Die gute Nachricht ist, dass die Cybersicherheitsexperten mittlerweile sehr wohl über KI-Technologien reden – und sie einsetzen. Nicht nur die Übeltäter haben ihre Fähigkeiten in puncto Automatisierung und maschinelles Lernen ausgebaut, sondern auch die Verteidiger. Mithilfe moderner maschineller Lernmethoden für Cybersicherheit lassen sich nicht nur ungewöhnliche Bot-Aktivitäten erkennen, sondern es kann auch festgestellt werden, um welche Art von Bot es sich handelt und was seine grundlegende Funktion ist. Diese Erkenntnisse geben Aufschluss darüber, worauf der Bot wahrscheinlich aus ist.
Die schlechte Nachricht ist allerdings, dass all diese Datenanalysen selbst wiederum Unmengen von Daten erzeugen und damit die IT-Abteilungen in Unternehmen überfordern.

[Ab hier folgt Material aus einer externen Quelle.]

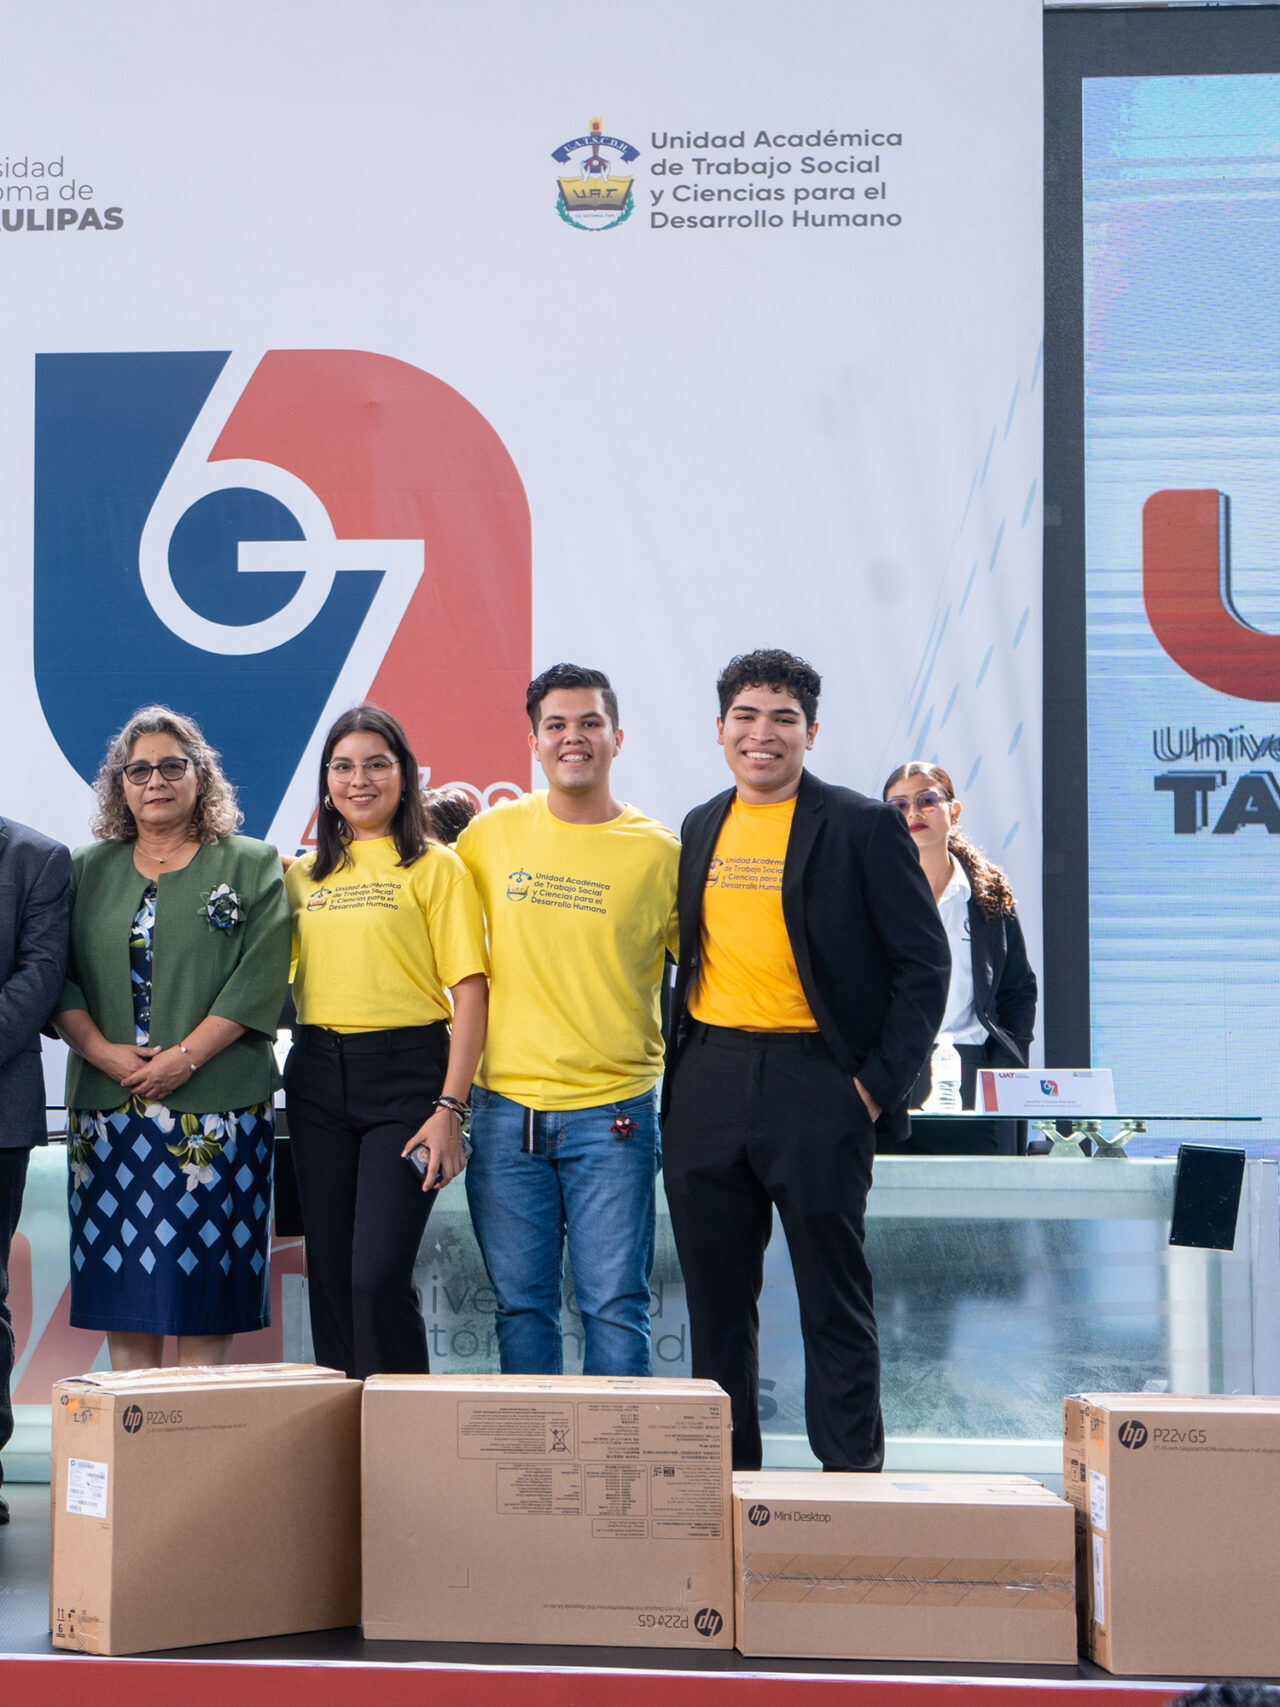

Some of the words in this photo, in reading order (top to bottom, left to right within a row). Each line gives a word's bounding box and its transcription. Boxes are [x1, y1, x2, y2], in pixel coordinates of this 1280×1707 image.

[651, 131, 745, 149] Unidad
[753, 129, 903, 149] Académica
[650, 158, 684, 176] de
[692, 157, 792, 179] Trabajo
[800, 155, 880, 174] Social
[58, 181, 94, 202] de
[650, 188, 664, 206] y
[672, 184, 786, 202] Ciencias
[794, 186, 855, 205] para
[863, 182, 886, 201] el
[651, 210, 783, 229] Desarrollo
[792, 210, 903, 228] Humano
[535, 872, 564, 882] Unidad
[539, 889, 573, 900] Ciencias
[574, 895, 594, 904] para
[546, 881, 577, 893] Trabajo
[578, 886, 602, 896] Social
[366, 901, 399, 910] Humano
[531, 896, 572, 908] Desarrollo
[573, 902, 607, 915] Humano
[123, 1404, 144, 1434] hp
[147, 1410, 169, 1424] P22v
[170, 1410, 183, 1424] G5
[1118, 1420, 1148, 1450] hp
[1154, 1428, 1186, 1442] P22v
[1188, 1429, 1207, 1443] G5
[748, 1504, 770, 1527] hp
[774, 1511, 792, 1521] Mini
[794, 1511, 832, 1523] Desktop
[638, 1614, 655, 1627] G5
[694, 1607, 723, 1637] hp
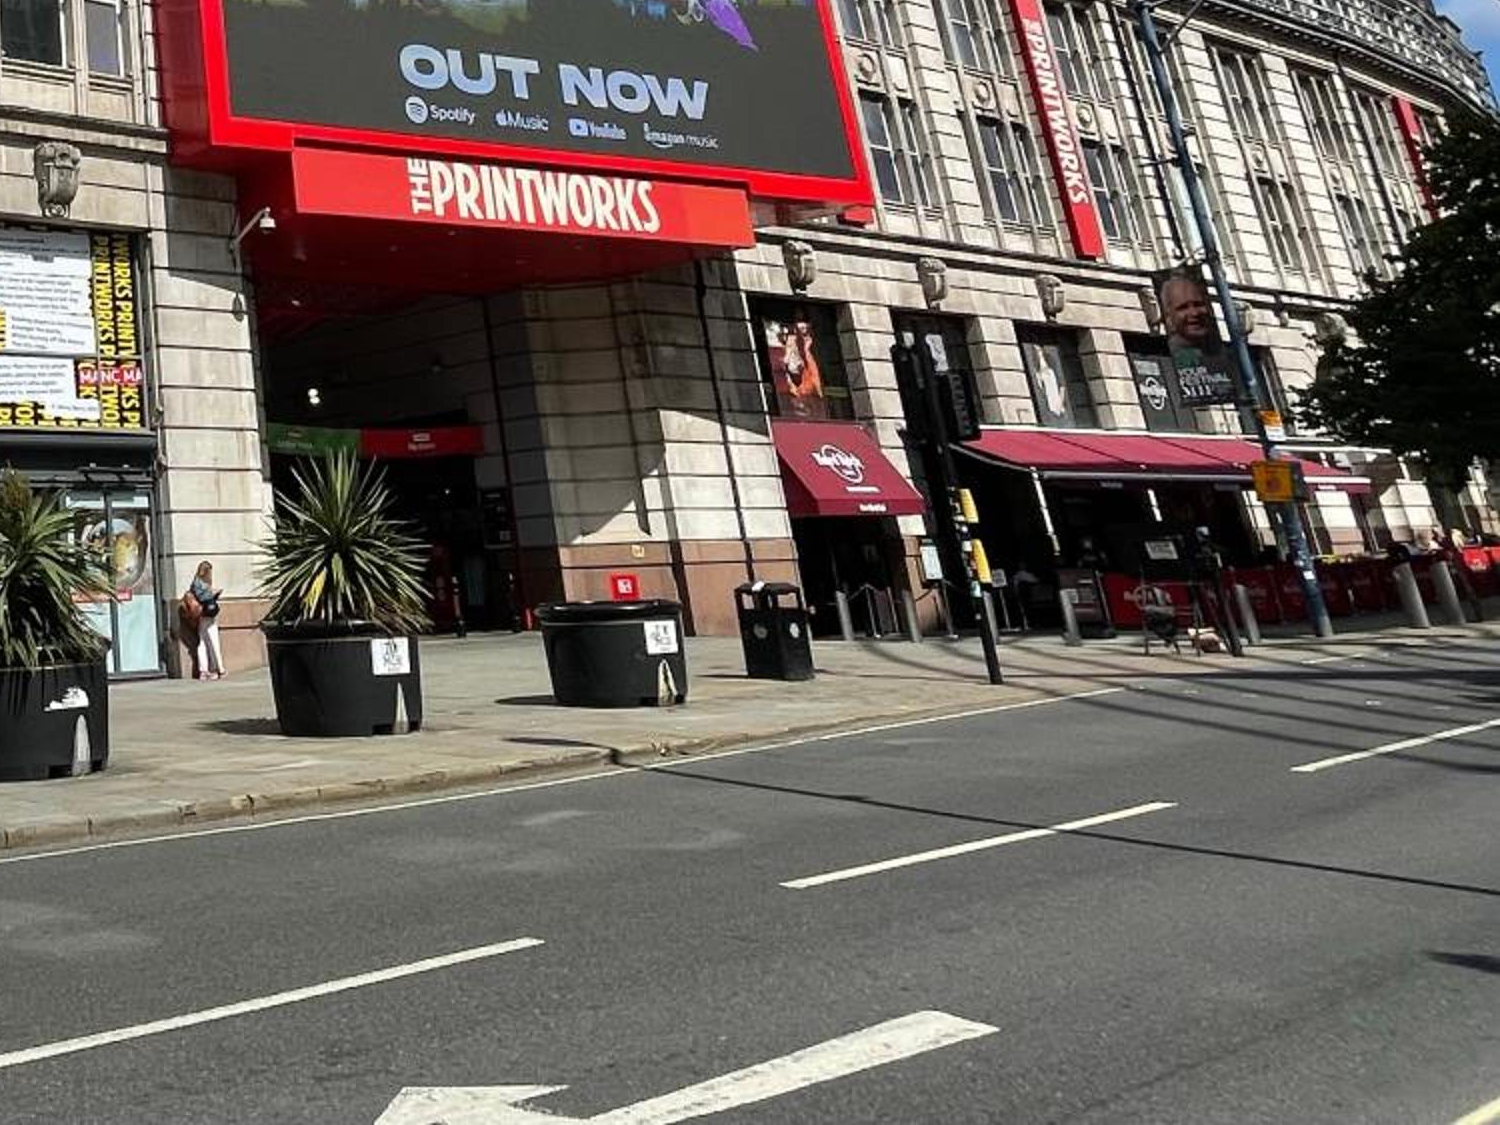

KI-Wettrüsten in drei Dimensionen

KI-Technologien wie Automatisierung und maschinelles Lernen sind grundlegend auf Daten angewiesen. Deshalb werden sie von den folgenden drei Dimensionen von Daten beeinflusst:

  • Volume (Menge – Wie viele Daten sind vorhanden?)
  • Velocity (Geschwindigkeit – Wie schnell werden die Daten erzeugt, gesammelt und analysiert?)
  • Variety (Vielfalt – Mit welcher Art von Daten haben wir es zu tun? Wie sehr bzw. wie wenig ähneln die einzelnen Datenpunkte einander?)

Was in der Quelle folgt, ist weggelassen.